Exercise requirements: Could you set down the records below exactly as they are, with no pictures?

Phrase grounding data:
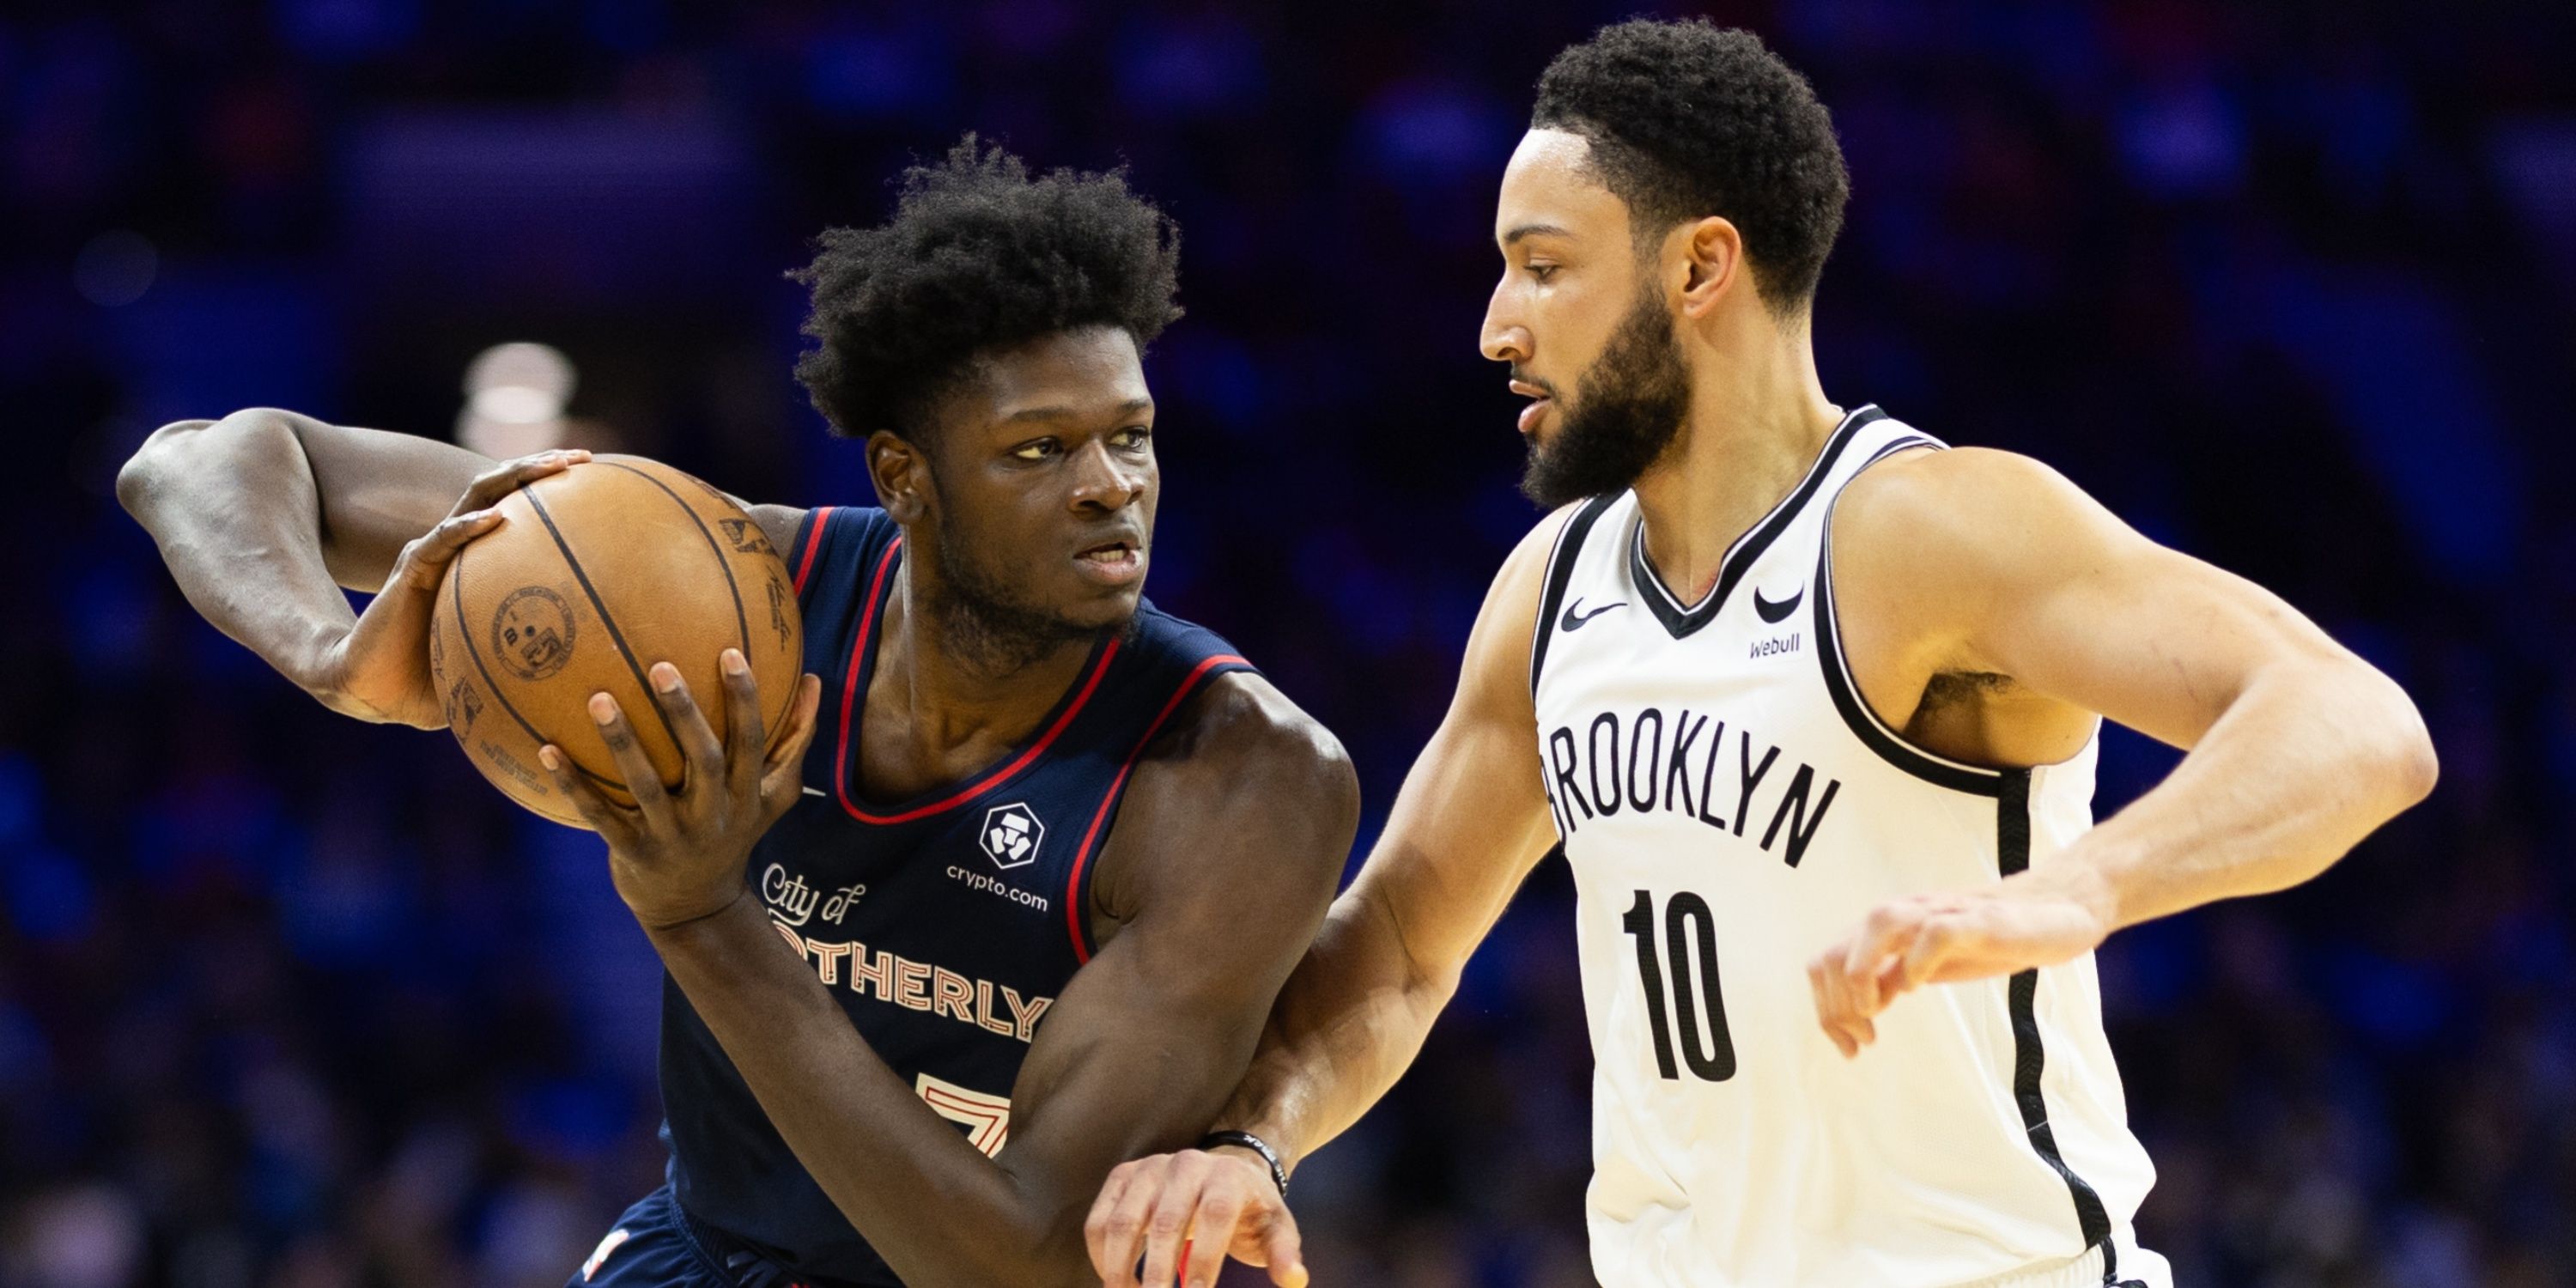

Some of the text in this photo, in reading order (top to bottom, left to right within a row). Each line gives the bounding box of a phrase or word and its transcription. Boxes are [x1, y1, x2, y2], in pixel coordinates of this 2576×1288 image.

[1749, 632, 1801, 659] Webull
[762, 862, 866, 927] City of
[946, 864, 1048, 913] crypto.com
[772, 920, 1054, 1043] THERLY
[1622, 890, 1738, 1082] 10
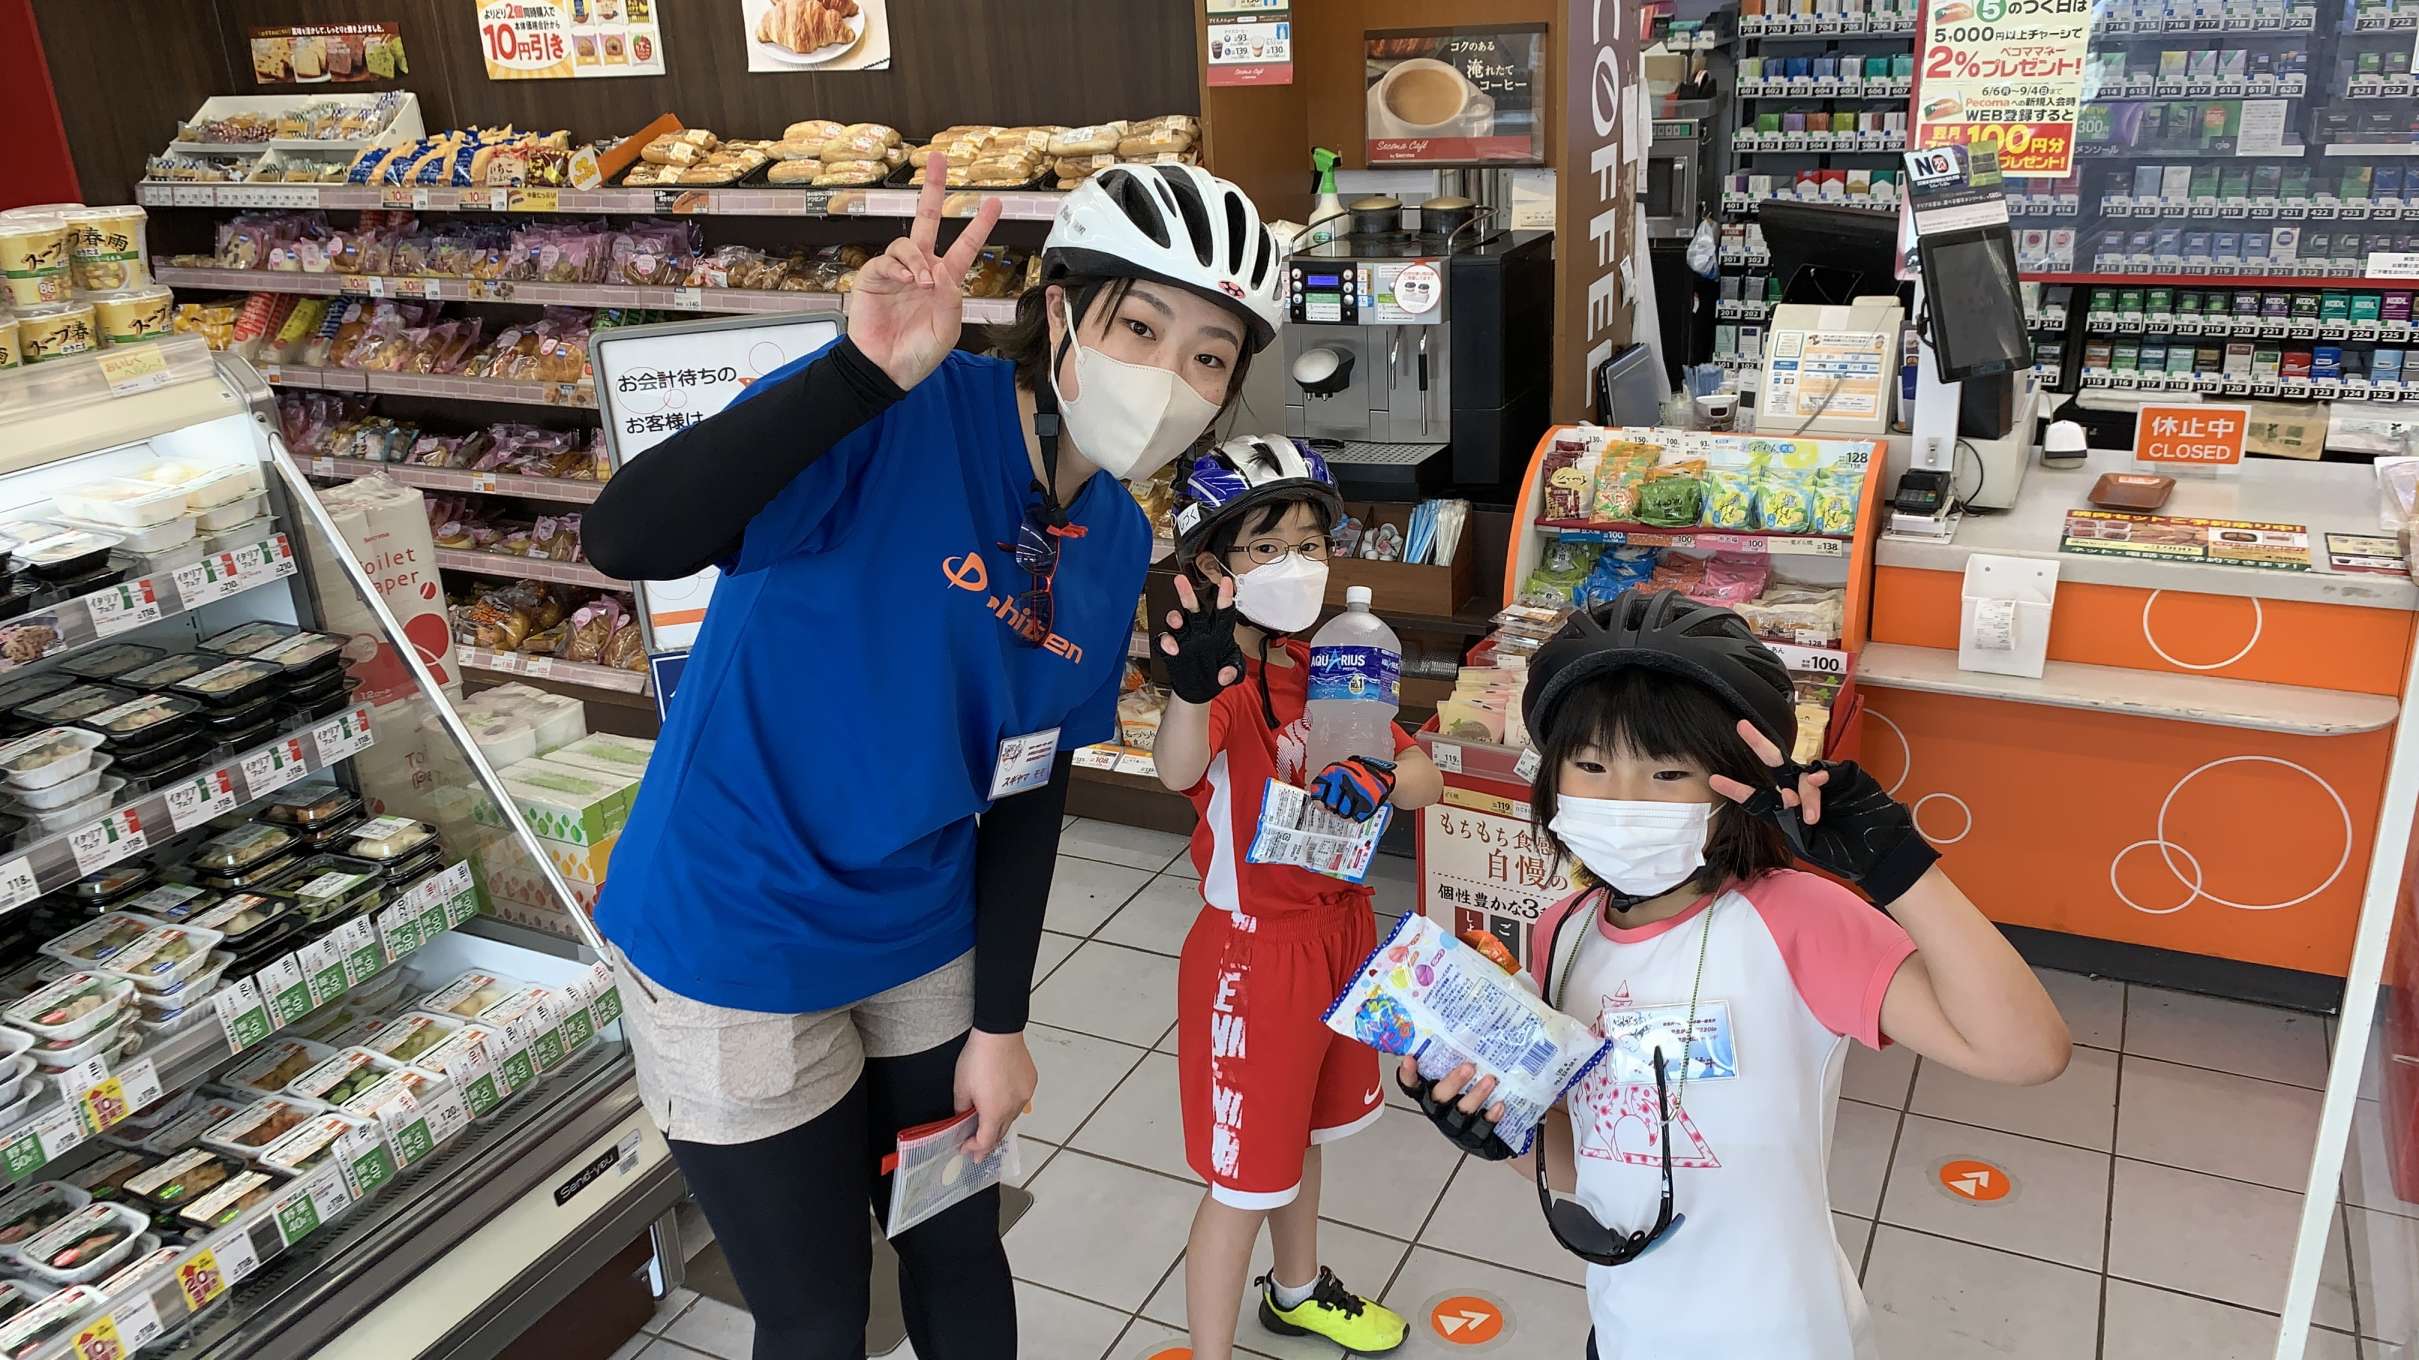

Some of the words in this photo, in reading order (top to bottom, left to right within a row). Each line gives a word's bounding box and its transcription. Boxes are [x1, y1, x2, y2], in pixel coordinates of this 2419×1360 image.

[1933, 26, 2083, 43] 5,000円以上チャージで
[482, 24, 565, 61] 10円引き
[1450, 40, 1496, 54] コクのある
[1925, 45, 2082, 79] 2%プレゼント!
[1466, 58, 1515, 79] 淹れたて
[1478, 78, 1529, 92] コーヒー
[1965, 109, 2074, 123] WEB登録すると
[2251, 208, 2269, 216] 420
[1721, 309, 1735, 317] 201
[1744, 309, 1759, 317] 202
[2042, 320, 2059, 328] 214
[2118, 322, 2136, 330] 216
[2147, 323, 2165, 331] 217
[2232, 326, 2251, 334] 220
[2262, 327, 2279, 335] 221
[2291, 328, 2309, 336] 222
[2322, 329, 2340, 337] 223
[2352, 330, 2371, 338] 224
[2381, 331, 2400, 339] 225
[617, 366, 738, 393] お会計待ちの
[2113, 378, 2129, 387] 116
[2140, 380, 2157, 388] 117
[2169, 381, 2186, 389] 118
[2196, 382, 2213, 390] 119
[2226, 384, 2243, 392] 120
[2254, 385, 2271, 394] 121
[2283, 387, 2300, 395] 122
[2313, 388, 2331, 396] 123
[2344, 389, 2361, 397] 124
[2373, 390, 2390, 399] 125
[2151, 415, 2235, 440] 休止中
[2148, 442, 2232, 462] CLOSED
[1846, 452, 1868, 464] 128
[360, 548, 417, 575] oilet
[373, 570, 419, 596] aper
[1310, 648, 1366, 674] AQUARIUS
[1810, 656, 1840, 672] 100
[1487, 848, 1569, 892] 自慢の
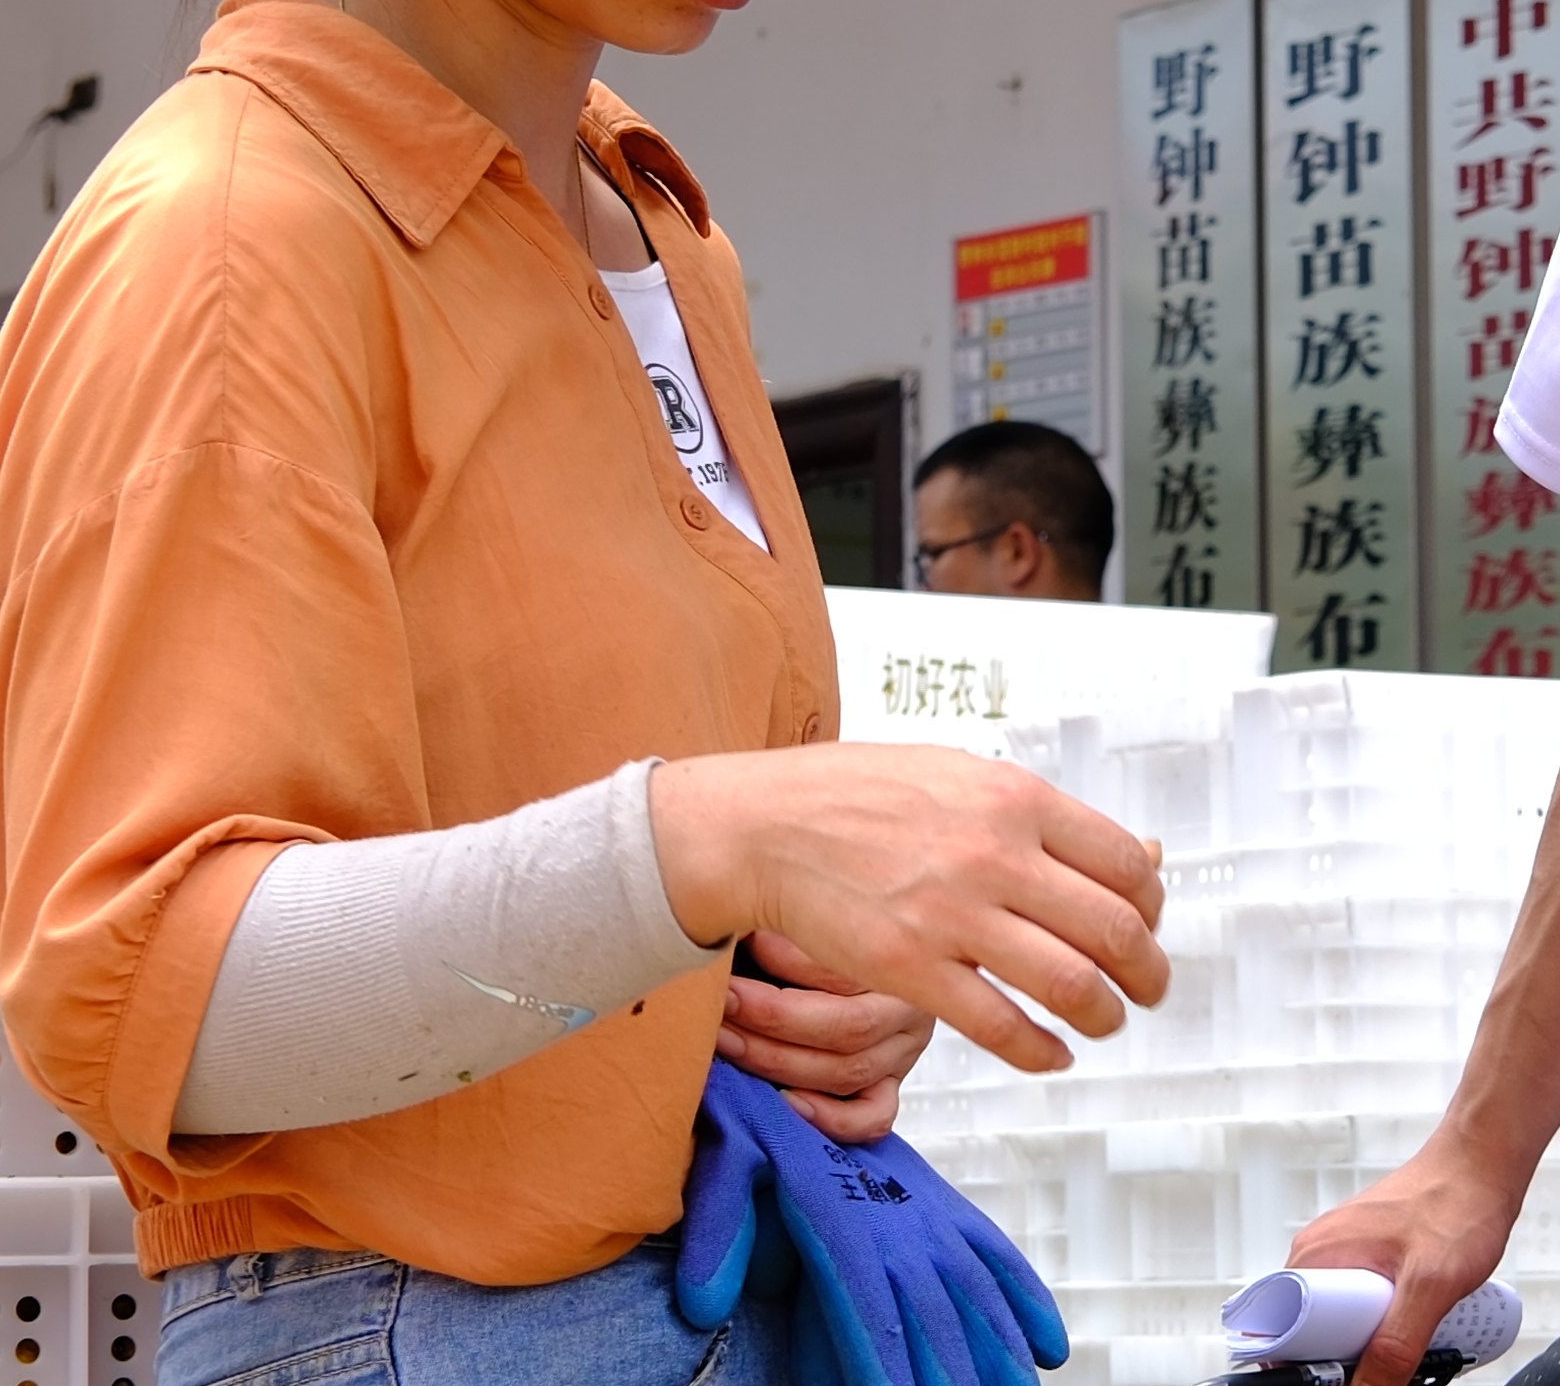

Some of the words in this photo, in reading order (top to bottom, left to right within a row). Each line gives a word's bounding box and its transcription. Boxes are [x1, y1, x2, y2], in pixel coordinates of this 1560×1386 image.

Answer section:
Some of the text in this photo, in reading order (top to bottom, left to right within a row). Each line gives the bounding box of a phrase or word and its transcription. Boxes are [x1, y1, x2, y2], in pixel coordinates of this 2576×1288 image.

[1749, 632, 1801, 659] Webull
[762, 862, 866, 927] City of
[946, 864, 1048, 913] crypto.com
[772, 920, 1054, 1043] THERLY
[1622, 890, 1738, 1082] 10

Some of the words in this photo, in reading order (top to bottom, left to right within a row). Each line gives a word's bounding box and its transcription. Boxes are [x1, y1, x2, y2], in pixel coordinates of this 2419×1360 image.

[1933, 26, 2083, 43] 5,000円以上チャージで
[482, 24, 565, 61] 10円引き
[1450, 40, 1496, 54] コクのある
[1925, 45, 2082, 79] 2%プレゼント!
[1466, 58, 1515, 79] 淹れたて
[1478, 78, 1529, 92] コーヒー
[1965, 109, 2074, 123] WEB登録すると
[2251, 208, 2269, 216] 420
[1721, 309, 1735, 317] 201
[1744, 309, 1759, 317] 202
[2042, 320, 2059, 328] 214
[2118, 322, 2136, 330] 216
[2147, 323, 2165, 331] 217
[2232, 326, 2251, 334] 220
[2262, 327, 2279, 335] 221
[2291, 328, 2309, 336] 222
[2322, 329, 2340, 337] 223
[2352, 330, 2371, 338] 224
[2381, 331, 2400, 339] 225
[617, 366, 738, 393] お会計待ちの
[2113, 378, 2129, 387] 116
[2140, 380, 2157, 388] 117
[2169, 381, 2186, 389] 118
[2196, 382, 2213, 390] 119
[2226, 384, 2243, 392] 120
[2254, 385, 2271, 394] 121
[2283, 387, 2300, 395] 122
[2313, 388, 2331, 396] 123
[2344, 389, 2361, 397] 124
[2373, 390, 2390, 399] 125
[2151, 415, 2235, 440] 休止中
[2148, 442, 2232, 462] CLOSED
[1846, 452, 1868, 464] 128
[360, 548, 417, 575] oilet
[373, 570, 419, 596] aper
[1310, 648, 1366, 674] AQUARIUS
[1810, 656, 1840, 672] 100
[1487, 848, 1569, 892] 自慢の

Some of the words in this photo, in reading order (top to bottom, left to right within a row). Each line gives a word's bounding box and its transcription. Boxes are [x1, y1, x2, y2], in pixel coordinates of this 1560×1386 image.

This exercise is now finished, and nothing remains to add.